[[ EXTRACTED INFORMATION open ]]

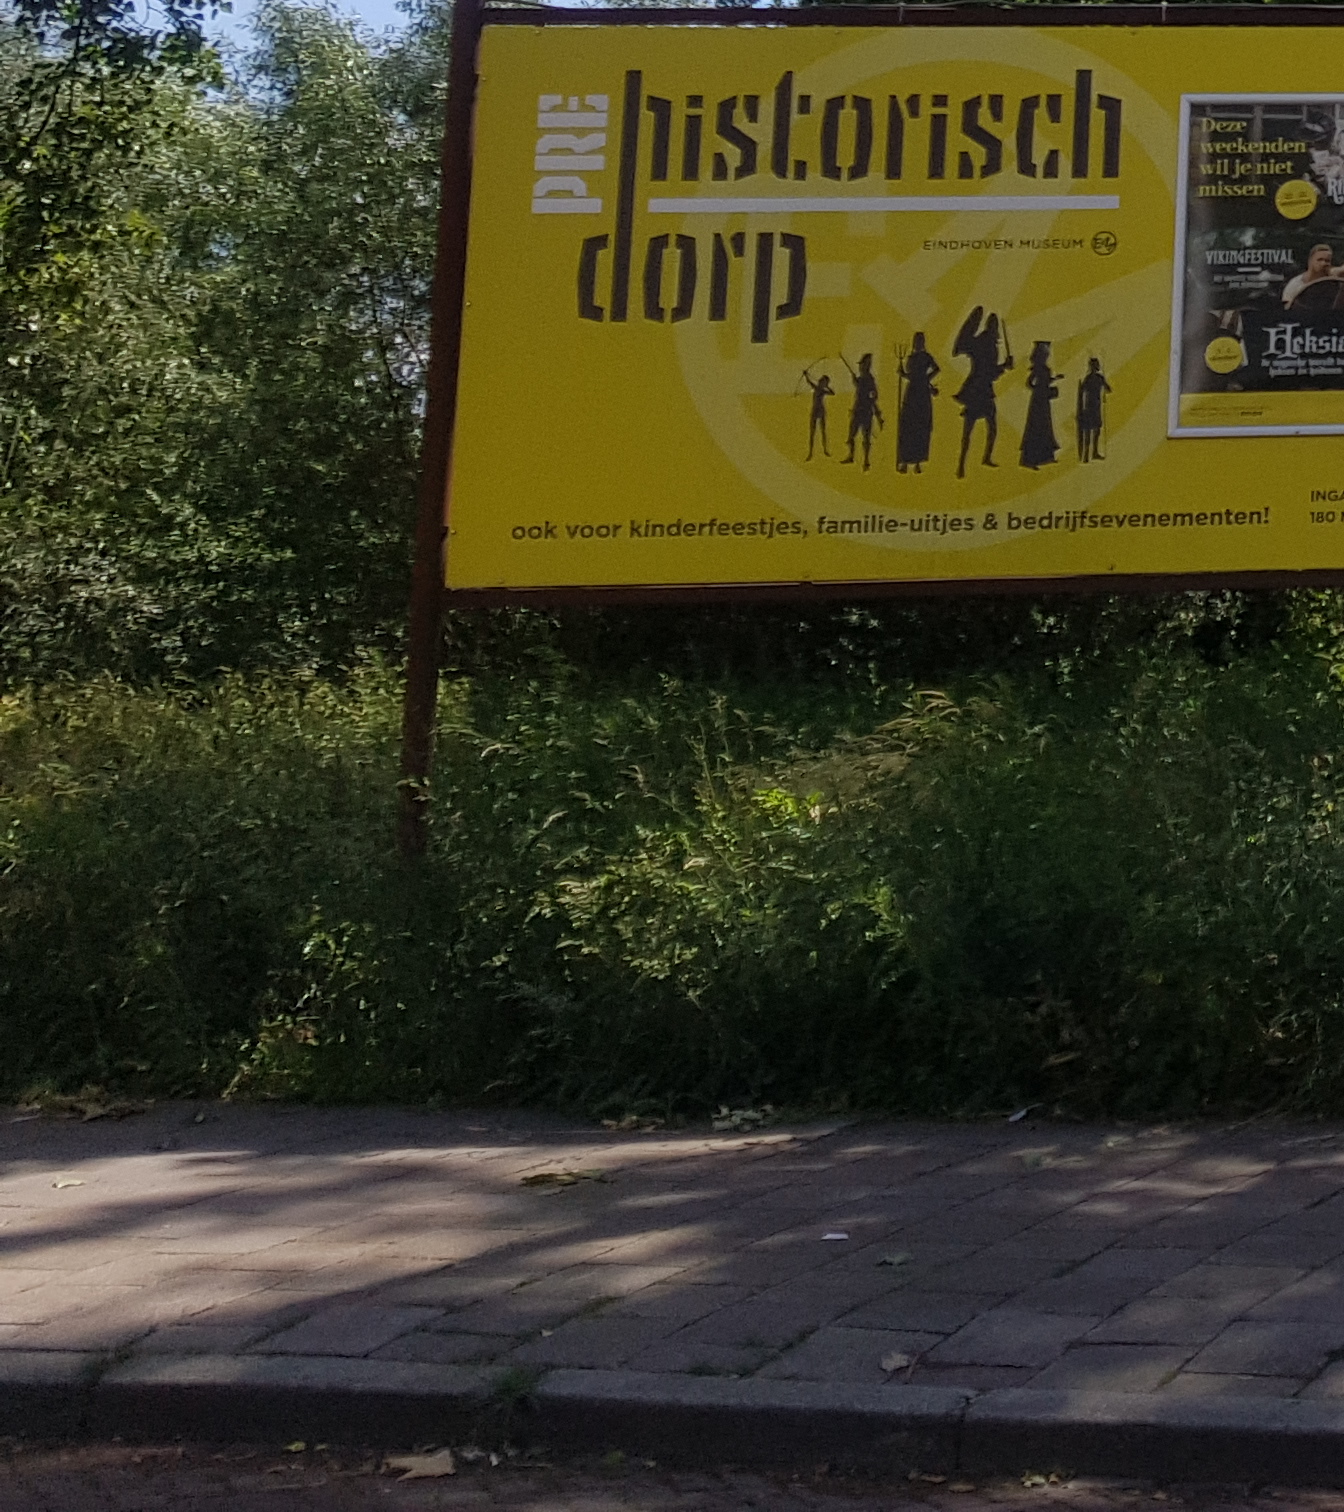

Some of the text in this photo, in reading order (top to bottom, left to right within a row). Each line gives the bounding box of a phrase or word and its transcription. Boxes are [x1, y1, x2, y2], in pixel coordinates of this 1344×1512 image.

[616, 68, 1122, 181] historisch
[1201, 117, 1247, 133] Deze
[531, 93, 608, 213] PRE
[1200, 137, 1307, 154] weekenden
[1199, 159, 1294, 178] wil je niet
[1197, 181, 1267, 198] missen
[922, 239, 1014, 251] EINDHOVEN
[1019, 238, 1084, 250] MUSEUM
[1205, 248, 1295, 266] VIKINGFESTIVAL
[577, 232, 807, 343] dorp
[511, 506, 1270, 539] ook voor kinderfeestjes, familie-uitjes & bedrijfsevenementen!
[1309, 510, 1336, 524] 180
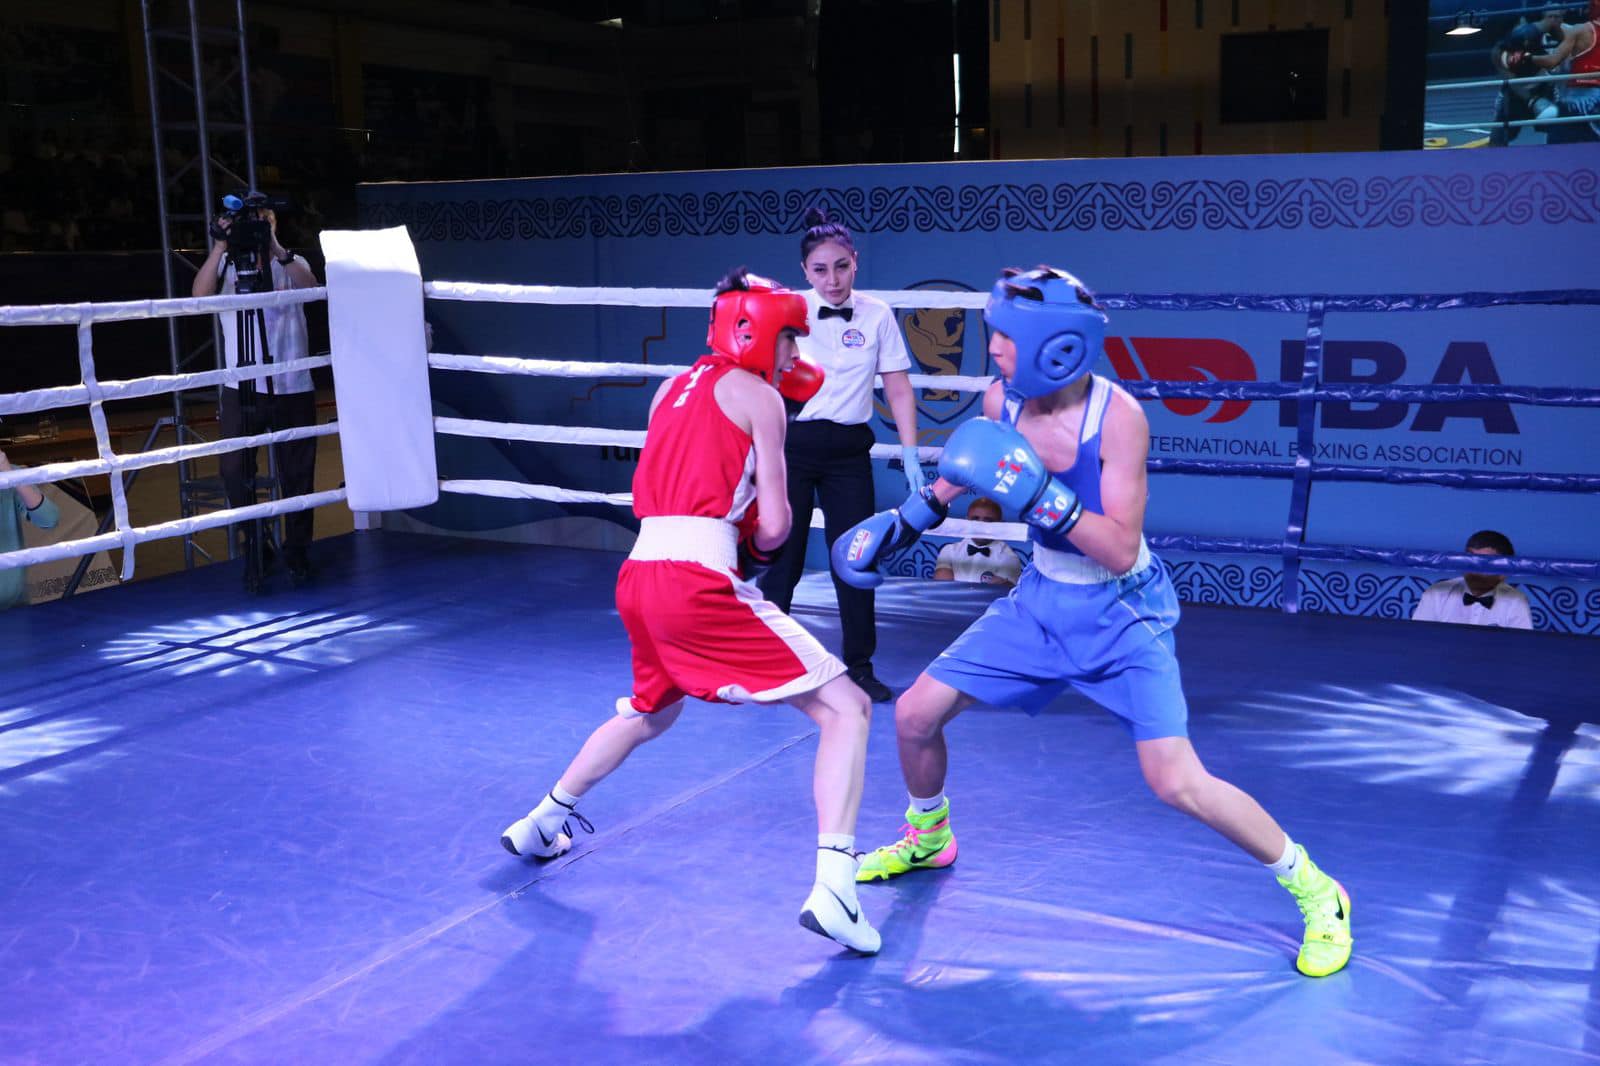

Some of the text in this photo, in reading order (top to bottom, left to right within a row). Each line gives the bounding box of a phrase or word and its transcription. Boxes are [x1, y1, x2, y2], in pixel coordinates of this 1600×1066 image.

[[ EXTRACTED INFORMATION closed ]]

**WORK REQUEST**
All of the data must be given again exactly, without the pictures.

**RESPONSE TO THIS EXERCISE**
Some of the text in this photo, in reading order (top to bottom, left to right within a row). Each line gives the bounding box of a phrase or word and its transcription. Boxes are [x1, y1, x2, y2], in pixel coordinates of this 1344×1512 image.

[616, 68, 1122, 181] historisch
[1201, 117, 1247, 133] Deze
[531, 93, 608, 213] PRE
[1200, 137, 1307, 154] weekenden
[1199, 159, 1294, 178] wil je niet
[1197, 181, 1267, 198] missen
[922, 239, 1014, 251] EINDHOVEN
[1019, 238, 1084, 250] MUSEUM
[1205, 248, 1295, 266] VIKINGFESTIVAL
[577, 232, 807, 343] dorp
[511, 506, 1270, 539] ook voor kinderfeestjes, familie-uitjes & bedrijfsevenementen!
[1309, 510, 1336, 524] 180

Some of the text in this photo, in reading order (top to bottom, left to right within a row). Each line gives the bounding box of a phrase or word and its transcription. Boxes are [x1, y1, x2, y2], in pixel coordinates of this 1600×1066 image.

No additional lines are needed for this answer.